Engoli litros e litros de ciúme azedo a seco.
Eu não queria, mas eu a deixei ir.
Levei um longo instante para me recompor, pois assistir à partida de quem se ama é incrivelmente doloroso, agora sei como Cosima se sente. Então, após alguns minutos, resolvi pagar uma visita que eu devia em muitas prestações.
O corredor encontra-se em escuridão parcial, e a menina dentro de um enorme aquário estava perdida em devaneios sobre a cama.
Ela não se levantou ao me ver, ficou deitada só esperando a quebra de meu gelo.
"Me perdoe, princesa. Deveria ter vindo aqui antes." Charlotte estava banhada e vestida com seu pijama rosa de bolinhas vermelhas.
"Pensei que não gostasse mais de mim." Confessou em um suspiro carente.
"Jamais! Eu só estava triste, muito triste." Clarifiquei ao sentar-me na cama.
"Cosima também estava triste, muitas vezes ela chorou enquanto me fazia dormir." Eu merecia a angustia sufocando meus ossos.
"Eu sei, sinto muito por tudo o quê causei." Expliquei em palavras vazias um sentimento assustadoramente real.
"Espero que você esteja melhor." Tocou em meu rosto delicadamente, "Senti sua falta."
Meu coração derreteu feito chocolate em banho-Maria.
Envolvi Charlotte em meus braços na promessa de nunca mais magoa-la.
"Fiz uma nova amiga." Soltou-se para revelar a notícia, "Ela também é amiga de Cosima."
O quê? Dra. Niehaus levou a Morena para conhecer Charlotte?
Meu sangue fervia em fogo assassino.
"E você gostou dela?" Questionei engasgando na raiva.
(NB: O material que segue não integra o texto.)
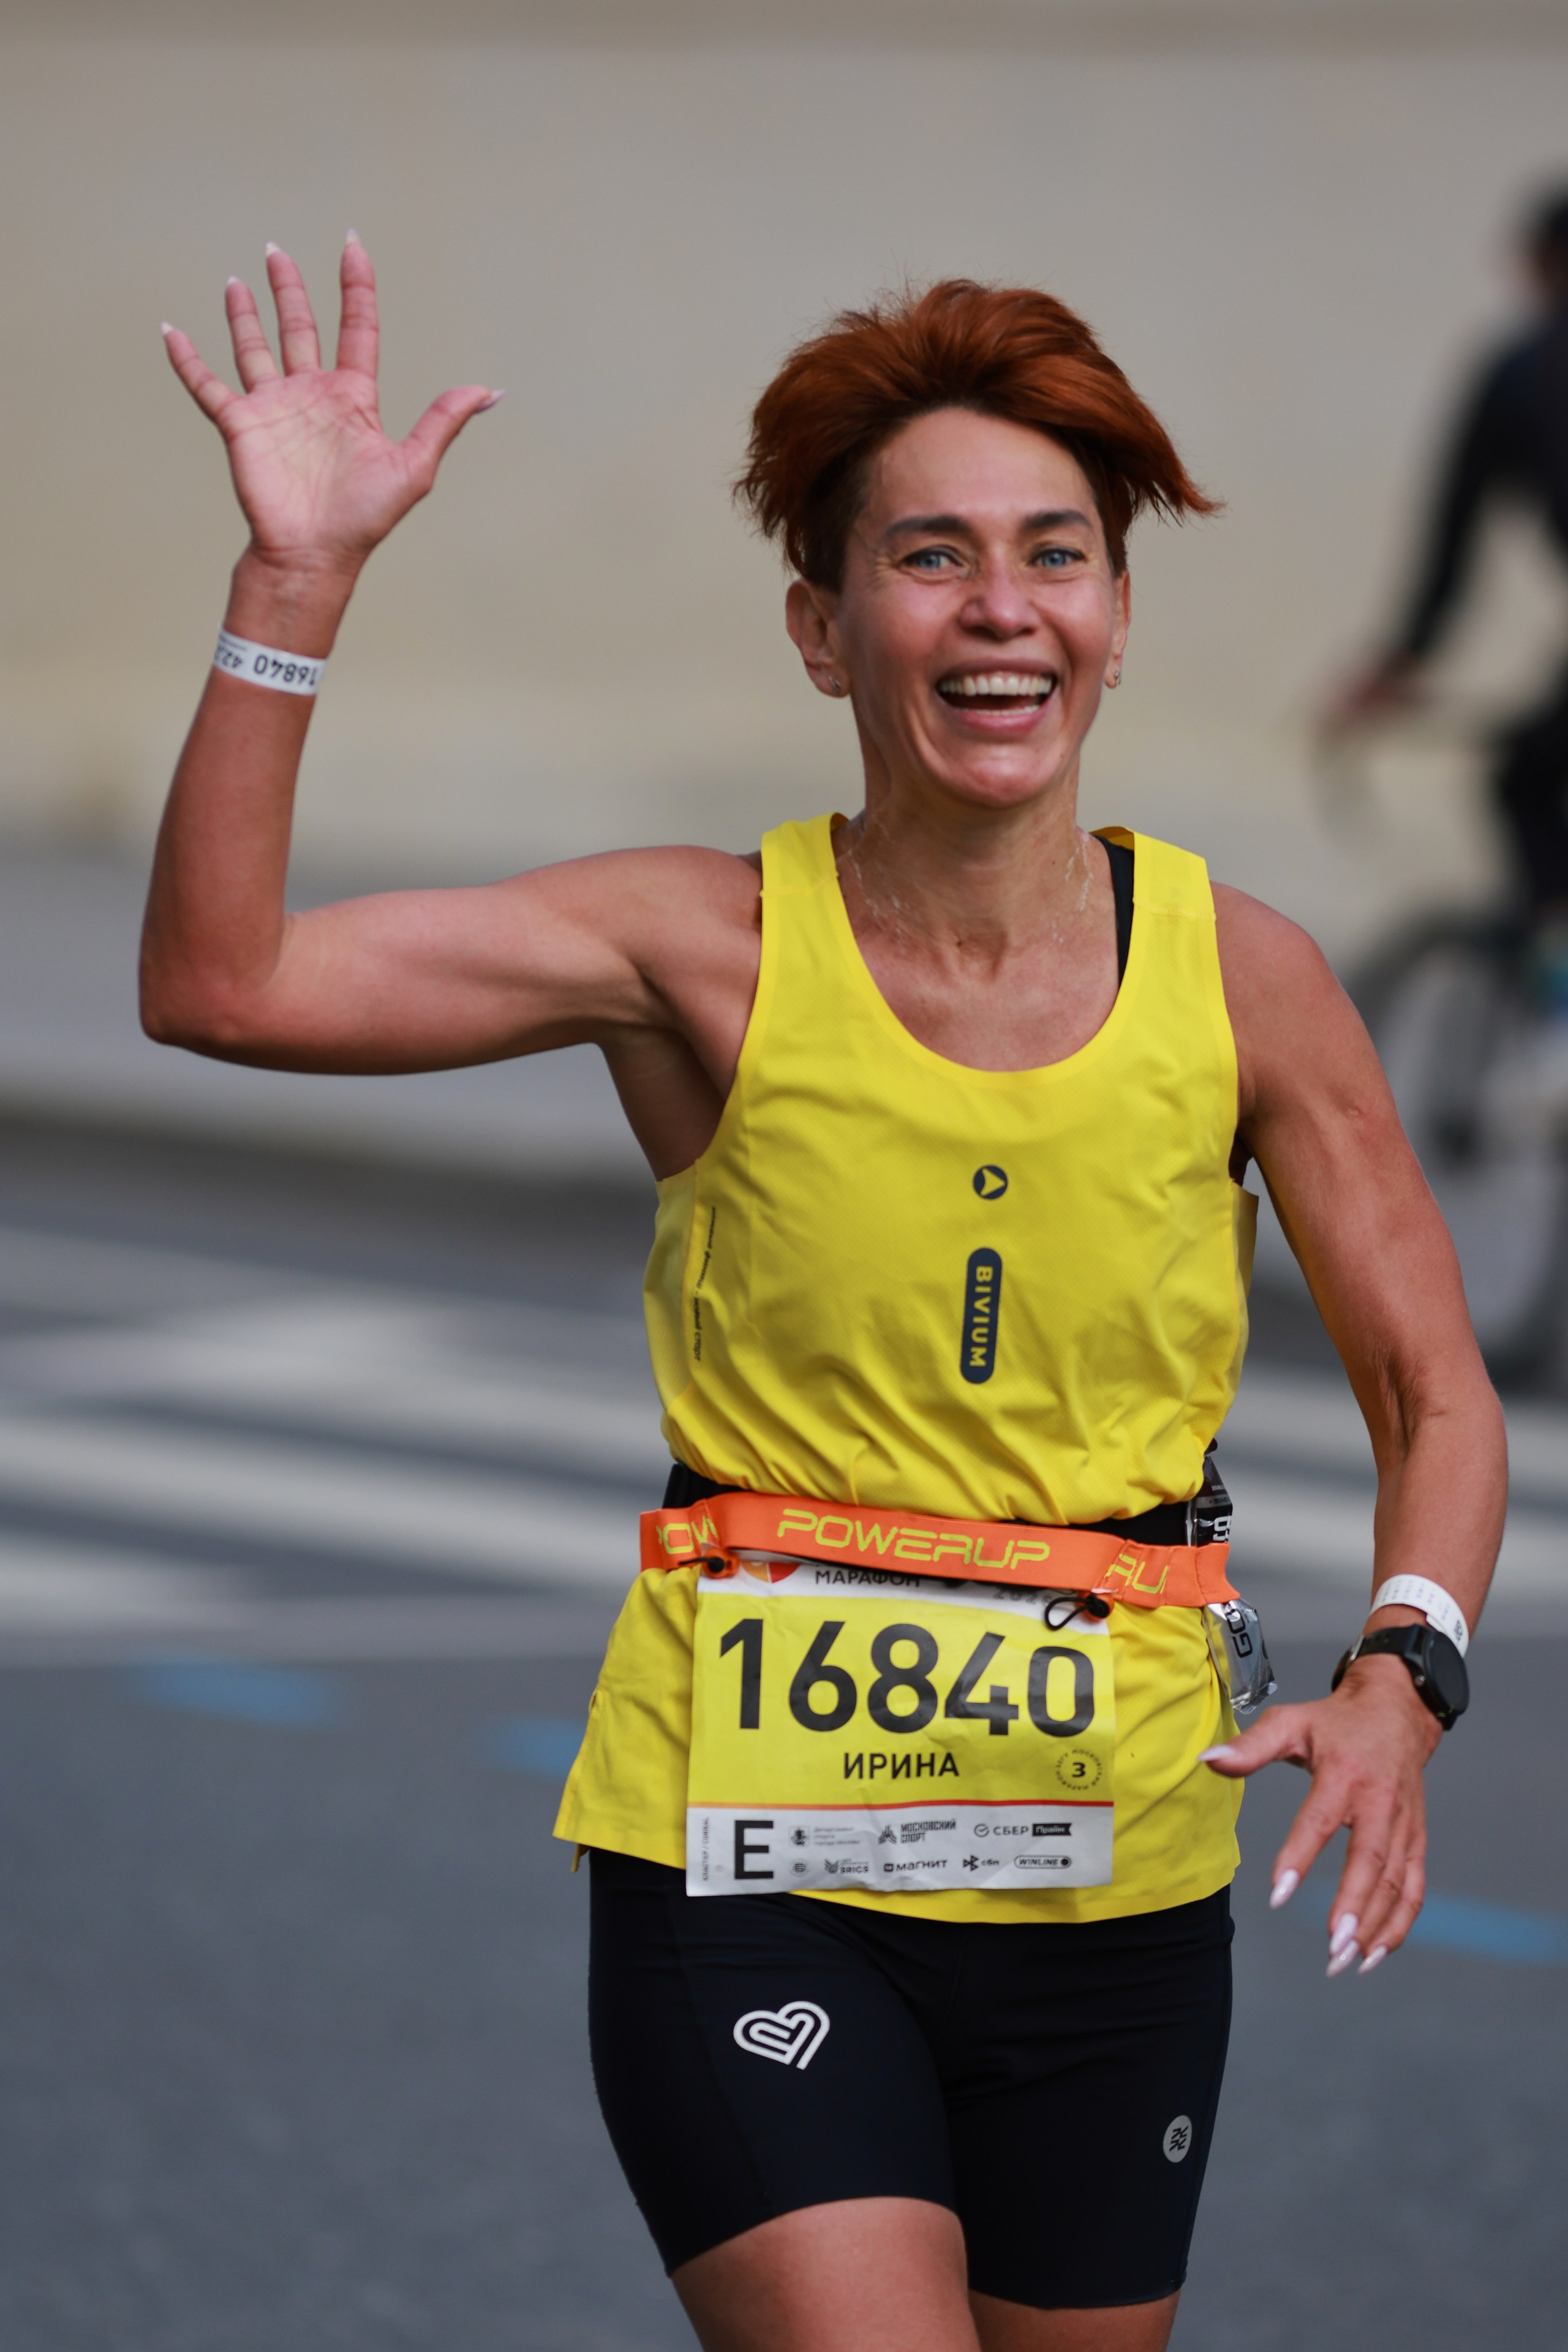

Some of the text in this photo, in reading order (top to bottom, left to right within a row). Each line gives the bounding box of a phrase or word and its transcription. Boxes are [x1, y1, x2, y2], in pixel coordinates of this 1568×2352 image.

[253, 654, 317, 686] 16840
[969, 1265, 994, 1367] BIVIUM
[777, 1508, 1050, 1569] POWERUP
[815, 1569, 921, 1588] МАРАФОН
[719, 1618, 1095, 1738] 16840
[843, 1752, 960, 1780] ИРИНА
[1071, 1761, 1087, 1778] 3
[900, 1818, 956, 1833] МОСКОВСКИЙ
[900, 1832, 926, 1844] СПОРТ
[993, 1826, 1029, 1836] СБЕР
[734, 1820, 774, 1879] E
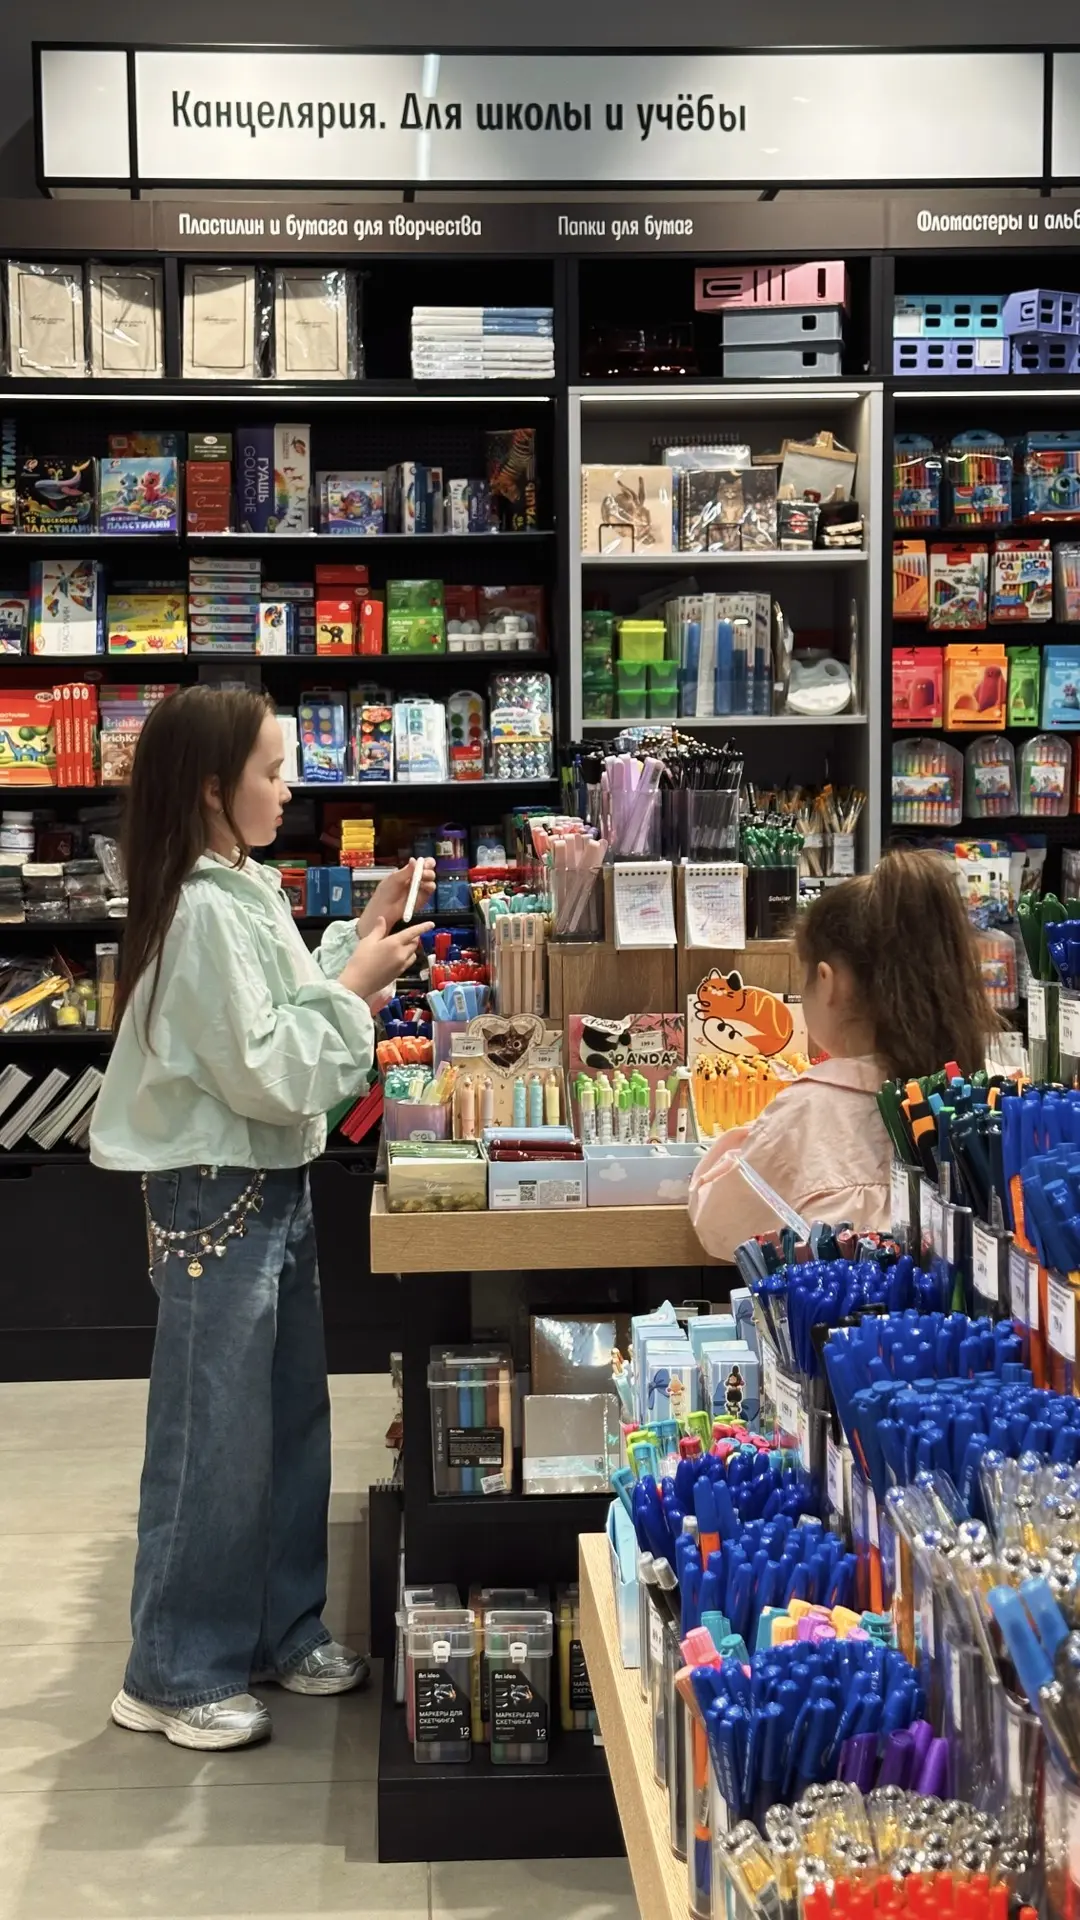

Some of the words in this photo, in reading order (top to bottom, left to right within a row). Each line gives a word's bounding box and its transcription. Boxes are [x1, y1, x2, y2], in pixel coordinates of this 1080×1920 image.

[172, 90, 386, 138] Канцелярия.
[401, 93, 462, 130] Для
[476, 102, 592, 132] школы
[606, 103, 623, 132] и
[637, 93, 746, 141] учёбы
[178, 213, 265, 236] Пластилин
[270, 218, 281, 236] и
[286, 213, 348, 241] бумага
[354, 219, 383, 241] для
[388, 214, 482, 241] творчества
[557, 215, 605, 236] Папки
[611, 220, 639, 241] для
[645, 214, 693, 241] бумаг
[916, 209, 1023, 236] Фломастеры
[1028, 214, 1039, 230] и
[243, 445, 257, 513] GOUACHE
[257, 457, 270, 503] ГУАШЬ
[525, 482, 537, 525] УАШЬ
[23, 524, 94, 534] ПЛАСТИЛИН
[106, 520, 171, 530] ПЛАСТИЛИН
[106, 718, 144, 728] ErichKr
[101, 733, 139, 742] ErichKr
[612, 1052, 671, 1067] PANDA
[459, 1726, 470, 1736] 12
[536, 1728, 546, 1737] 12
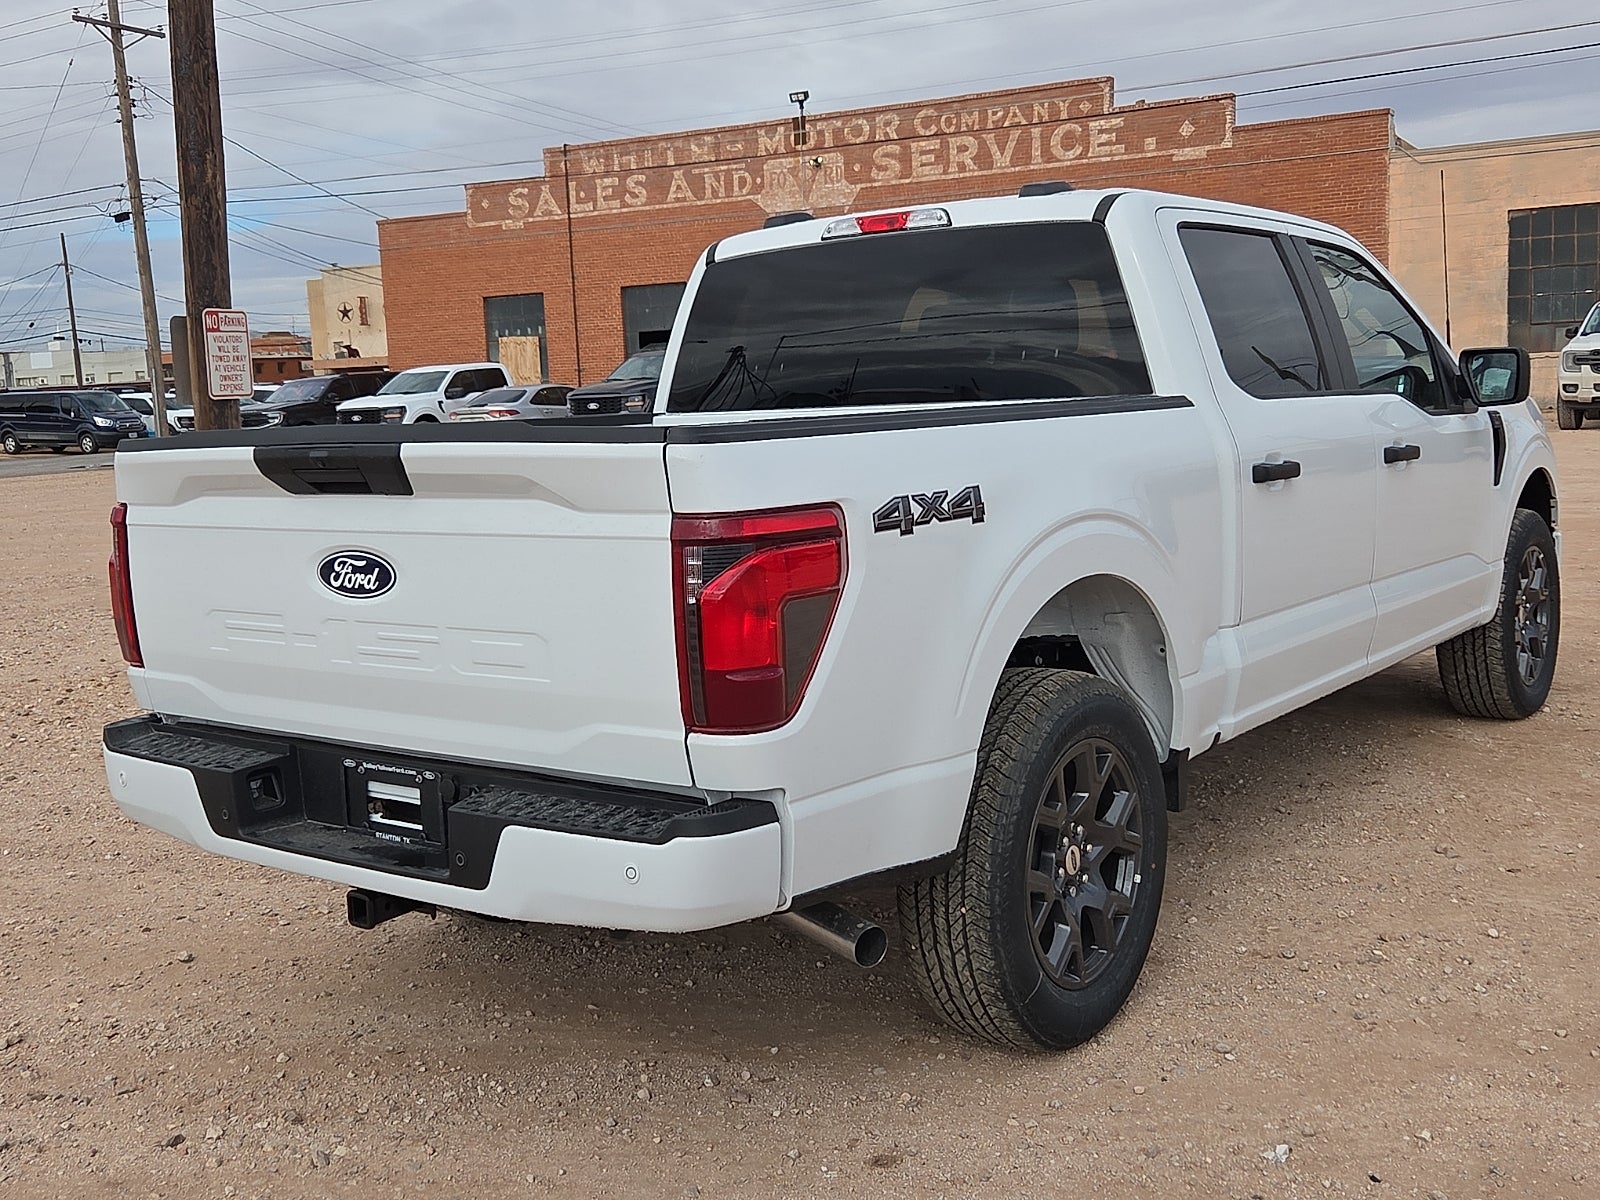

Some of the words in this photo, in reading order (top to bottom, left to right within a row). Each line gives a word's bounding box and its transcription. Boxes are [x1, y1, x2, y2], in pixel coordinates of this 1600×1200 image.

"Sim, mas gosto mais de você." A menina trouxe-me paz e alivio, porém, era difícil não pensar na nova amante de minha amada.
Odeio a forma com a qual o egocentrismo e egoísmo tomam conta de meu ser. Aquela noite passei ao lado de Pallo, mas ainda sentia a dor em saber que Cosima estava com outra mulher.
****
O final semana passou por mim como água passa por riacho inclinado. Foi rápido, foi intenso e ainda continuo a pensar em como tudo muda sem querer.
Após uma sexta-feira ressuscitando lembranças mortas ao som de músicas que eu jamais teria em minha playlist, a madrugada do sábado não insistiu em correr por nós naquela sala de estar cinza, porém colorida.
Pallo tragava sua erva e, sem camisa, evidenciava a estrutura e desenvoltura de seu corpo dançante. Os desenhos tatuados em sua epiderme não tinham história ou estória, não contavam feitos ou originalizavam significados. Em seu peitoral direito, havia uma enorme caravela e ondas bruscas, tudo em preto e cinza. Ainda ao lado direito, seguindo seu ombro até a altura do cotovelo, figuras que formam uma coisa só, um gigante polvo com muitos tentáculos que seguravam a bússola sem ponteiros. Formas geométricas acompanhavam todo o desenho, e no antebraço, cores fracas e quase inexistentes, marcavam o farol contido no camafeu com a caveira na parte de cima. Havia uma frase distribuída nas faixas embaixo desta última imagem: "Loose Lips Sink Ships".
"Lembro do tempo no qual você tinha apenas esta bússola." Apontei com meu indicador encostando naquela pele aromática.
"Pois é, você quem teve a ideia de fazer sem ponteiros, para insinuar que eu não teria direção por seu um rebelde mimado." Exalou a fumaça por entre seus dentes perfeitos.
"E eu estava certa." Roubei a erva de seus dedos.
"Ei! Eu podia ser o mimado, mas a rebelde era você. Lembro de tudo o que você fazia, as drogas que usava, as noites que ficava completamente fora de si, mas ninguém suspeitava de você, por ser uma menina boa. Entretanto, Delphine Cormier sempre foi uma menina má." Estávamos deitados sobre o sofá em forma de "L", o couro preto esfriava a temperatura de nossos corpos excitados.
"Eu te escrevi uma música, sabia?" Questionei colocando o cigarro de maconha dentro no cinzeiro.
"Sério?" Pallo tinha um ego tão grande, quase maior do que sua nítida feição surpresa.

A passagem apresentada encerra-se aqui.